_Extracted entries:_
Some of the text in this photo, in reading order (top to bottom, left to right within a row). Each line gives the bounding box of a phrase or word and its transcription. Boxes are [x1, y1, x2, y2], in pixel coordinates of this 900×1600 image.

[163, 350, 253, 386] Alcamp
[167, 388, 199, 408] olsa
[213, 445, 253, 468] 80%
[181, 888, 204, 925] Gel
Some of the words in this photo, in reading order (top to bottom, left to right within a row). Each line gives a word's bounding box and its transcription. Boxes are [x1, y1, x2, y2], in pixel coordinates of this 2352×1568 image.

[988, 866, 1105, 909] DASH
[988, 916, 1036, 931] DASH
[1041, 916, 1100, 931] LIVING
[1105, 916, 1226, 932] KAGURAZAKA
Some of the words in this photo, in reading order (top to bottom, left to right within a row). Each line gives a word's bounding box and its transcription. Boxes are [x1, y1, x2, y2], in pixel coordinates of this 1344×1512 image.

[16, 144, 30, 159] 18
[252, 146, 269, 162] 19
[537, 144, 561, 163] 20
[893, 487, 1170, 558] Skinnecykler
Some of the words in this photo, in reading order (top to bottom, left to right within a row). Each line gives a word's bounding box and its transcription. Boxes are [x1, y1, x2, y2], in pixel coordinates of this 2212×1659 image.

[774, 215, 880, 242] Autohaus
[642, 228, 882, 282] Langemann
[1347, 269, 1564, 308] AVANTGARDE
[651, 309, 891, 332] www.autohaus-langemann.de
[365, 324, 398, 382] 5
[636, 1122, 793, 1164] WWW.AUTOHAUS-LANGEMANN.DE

_Exercise:_
Using the data above, output each line exactly.

_Solution to this task:_
Some of the text in this photo, in reading order (top to bottom, left to right within a row). Each line gives the bounding box of a phrase or word and its transcription. Boxes are [x1, y1, x2, y2], in pixel coordinates of this 900×1600 image.

[163, 350, 253, 386] Alcamp
[167, 388, 199, 408] olsa
[213, 445, 253, 468] 80%
[181, 888, 204, 925] Gel
Some of the words in this photo, in reading order (top to bottom, left to right within a row). Each line gives a word's bounding box and its transcription. Boxes are [x1, y1, x2, y2], in pixel coordinates of this 2352×1568 image.

[988, 866, 1105, 909] DASH
[988, 916, 1036, 931] DASH
[1041, 916, 1100, 931] LIVING
[1105, 916, 1226, 932] KAGURAZAKA
Some of the words in this photo, in reading order (top to bottom, left to right within a row). Each line gives a word's bounding box and its transcription. Boxes are [x1, y1, x2, y2], in pixel coordinates of this 1344×1512 image.

[16, 144, 30, 159] 18
[252, 146, 269, 162] 19
[537, 144, 561, 163] 20
[893, 487, 1170, 558] Skinnecykler
Some of the words in this photo, in reading order (top to bottom, left to right within a row). Each line gives a word's bounding box and its transcription. Boxes are [x1, y1, x2, y2], in pixel coordinates of this 2212×1659 image.

[774, 215, 880, 242] Autohaus
[642, 228, 882, 282] Langemann
[1347, 269, 1564, 308] AVANTGARDE
[651, 309, 891, 332] www.autohaus-langemann.de
[365, 324, 398, 382] 5
[636, 1122, 793, 1164] WWW.AUTOHAUS-LANGEMANN.DE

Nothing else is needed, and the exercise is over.